Anche il cielo piange sangue (cit. lamento funebre iraniano)
Si può subire il fascino di una parola? A me è successo con il verbo disertare, derivante dal latino desertare (abbandonare), che dà il titolo all'opera di Énard.
Se mi avessero chiesto, prima della lettura di questo libro, quale immagine mi evocasse il verbo disertare, mi sarei limitata a rispondere: quella di un soldato in fuga dal campo di battaglia.
E se inoltre mi avessero chiesto di pensare a un significato più ampio del verbo, tutt'al più avrei risposto che diserta chi abdica ai propri doveri sociali o morali.
Ecco, ho scoperto che per Énard questo è solo il punto di partenza e che la parola in questione può assumere una valenza più ampia e anche più profonda.
La riflessione che ho fatto, leggendo i due racconti che costituiscono l'opera, è che, a volte, ad essere tradita, abbandonata, lasciata indietro è una parte di noi.
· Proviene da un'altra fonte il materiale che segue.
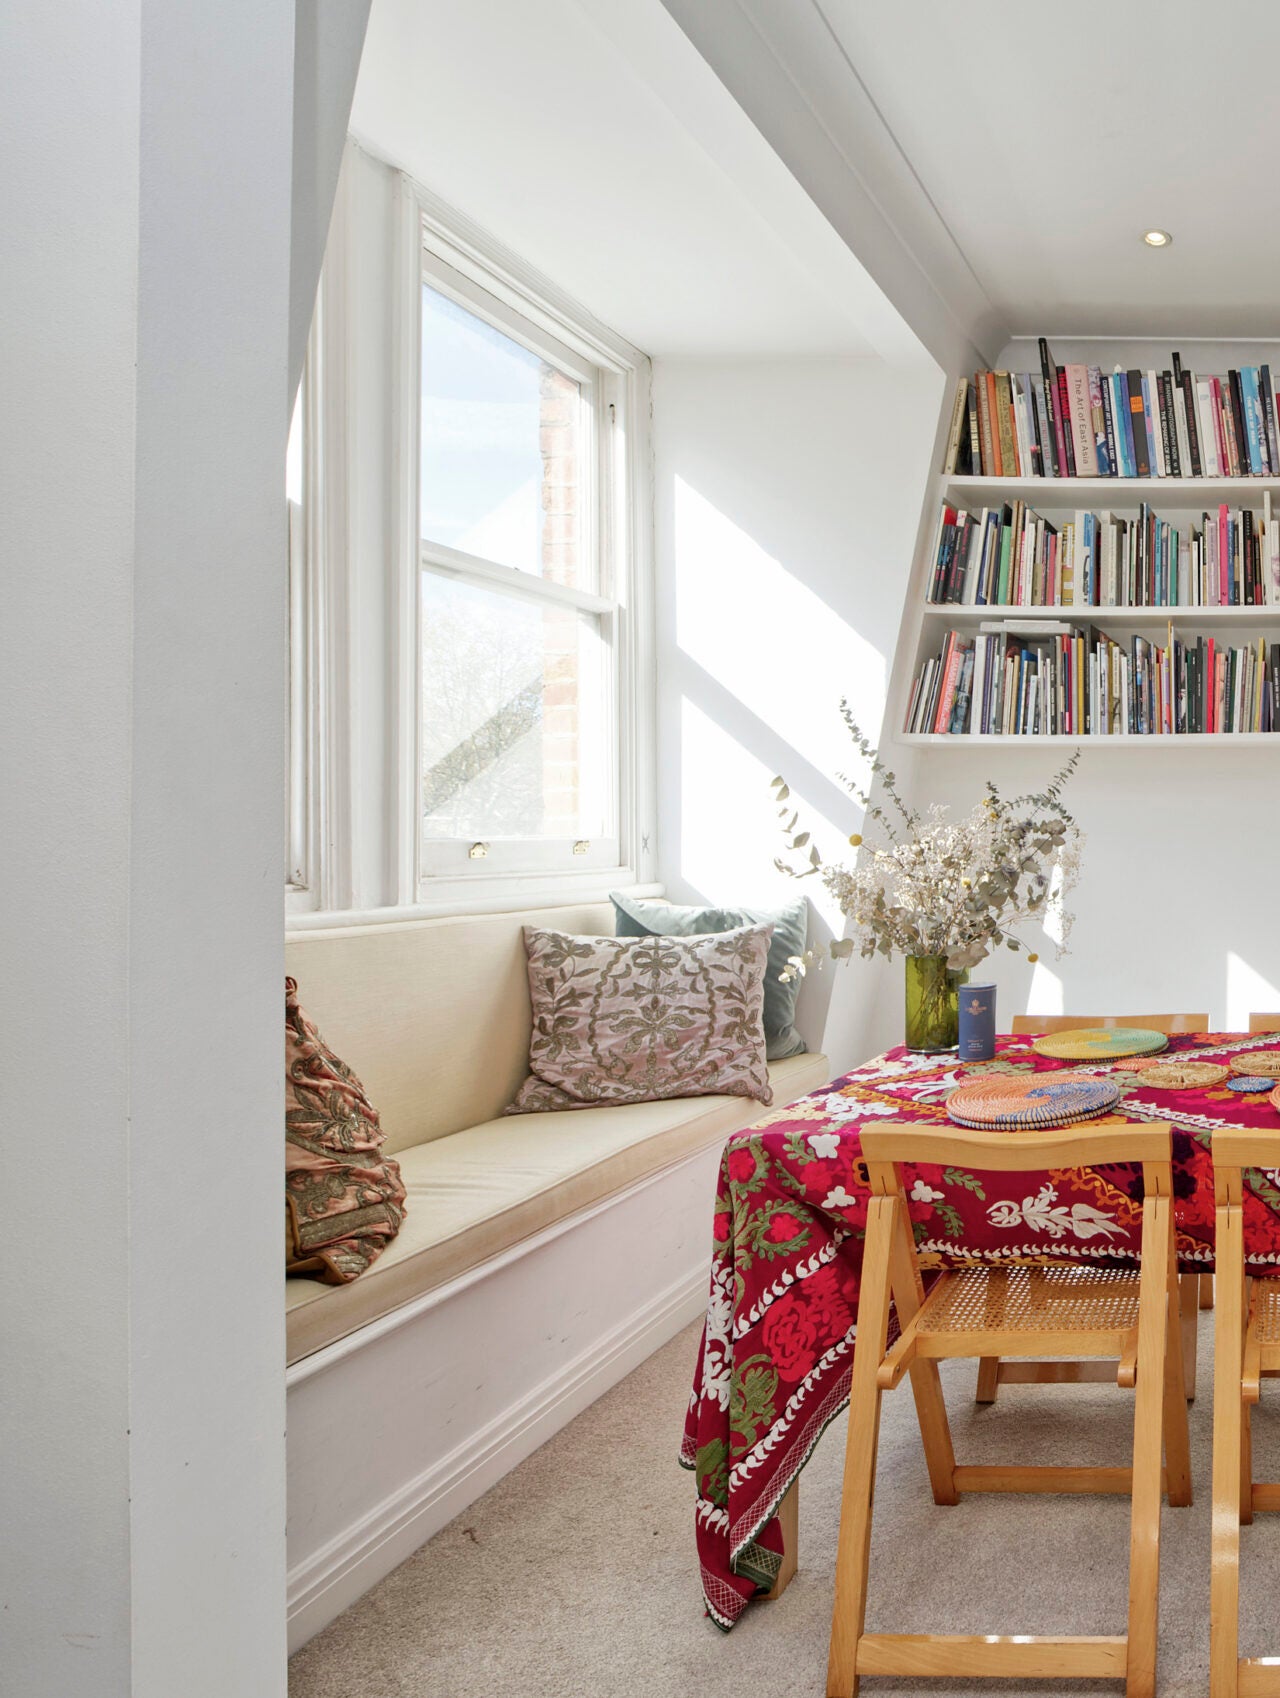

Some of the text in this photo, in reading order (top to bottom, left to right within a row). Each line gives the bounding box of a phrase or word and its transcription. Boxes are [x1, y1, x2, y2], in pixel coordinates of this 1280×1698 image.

[1059, 389, 1070, 420] LEVANT
[1102, 379, 1110, 412] CONTEMPORARY
[1165, 383, 1173, 406] IRANIAN
[1075, 379, 1083, 394] The
[1081, 445, 1089, 464] Asia
[1167, 407, 1176, 446] PHOTOGRAPHY
Altre volte si tratta di una promessa che ci eravamo fatti e che non abbiamo coltivato. E credo sia anche in questa accezione che Énard ci parla di diserzione.
Le due storie che costituiscono l'opera sono come rette parellele. Diversi i protagonisti, diversa la cornice. Diverso anche lo stile adottato dall'autore (più poetico nella prima, almeno secondo il mio sentire, più complesso e articolato nella seconda).
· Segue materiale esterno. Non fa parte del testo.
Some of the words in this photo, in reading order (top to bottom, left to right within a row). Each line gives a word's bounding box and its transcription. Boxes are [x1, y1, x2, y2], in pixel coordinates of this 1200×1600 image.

Énard le racconta a capitoli alternati, forse per consentire al lettore di percepire una certa assonanza o quantomeno il richiamo dei temi che hanno in comune: la guerra, la solitudine, la disperazione.
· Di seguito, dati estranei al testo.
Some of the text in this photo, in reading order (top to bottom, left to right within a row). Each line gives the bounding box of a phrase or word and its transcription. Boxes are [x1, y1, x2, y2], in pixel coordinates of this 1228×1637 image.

Il primo racconto è quello che ho amato di più. E' la storia di un milite ignoto, in fuga da una guerra non meglio definita, con addosso un carico di brutture, inflitte e subite.
All'inizio del racconto, come detto, mi ero fatta l'idea che la diserzione dovesse essere intesa come abdicazione ai doveri di soldato.
Eppure, proseguendo nella lettura, mi è venuto da pensare che invero il soldato, con l'inizio della guerra, abbia disertato a se stesso e al proprio sentire. Solo nel momento in cui si allontanerà dal campo di battaglia e si rifugerà tra i monti, nella baita in cui è cresciuto, il protagonista si riapproprierà gradualmente della propria umanità.
E' proprio a quell'umanità e quella capacità di sentire che aveva abdicato.
Ci sono altri protagonisti in questa storia ma non voglio svelare nulla se non che uno è ritratto in controluce sulla prima di copertina. E' l'unico protagonista dei due racconti che non diserterà, comunque vogliate intendere la parola.
La seconda storia è quella di un geniale matematico, sopravvissuto al campo di concentramento di Buchenwald, sostenitore della Ddr, dove sceglierà di vivere. La sua è una storia d'amore per i numeri e la scienza, per la compagna e la figlia e, non da ultimo, per i propri convincimenti, per le proprie difficili scelte.
Anche in questo racconto ci sono diversi protagonisti e quasi tutti in qualche modo tradiranno qualcosa o qualcuno.
E a proposito di tradimenti, segnalo che il racconto del matematico racchiude in poche pagine anche la storia di un grande scienziato persiano del secolo XIII, Nasir al-Din al-Tusi. Racconta Énard, esperto di storia e lingua araba e persiana, che fu proprio al-Tusi ad accompagnare i mongoli fino a Baghdad. Scrive Énard:
Baghdad della Casa della Sapienza e delle biblioteche, Baghdad delle Mille e una notte, Baghdad del pensiero, della poesia, del sapere, Baghdad che era stata il faro del mondo per cinquecento anni e fu perduta, distrutta dai mongoli di Hulagu all'inizio di febbraio del 1258.
Chi lo leggerà troverà, tra il narrato e il non detto, tanti collegamenti con la storia più recente, dal 2001 ad oggi.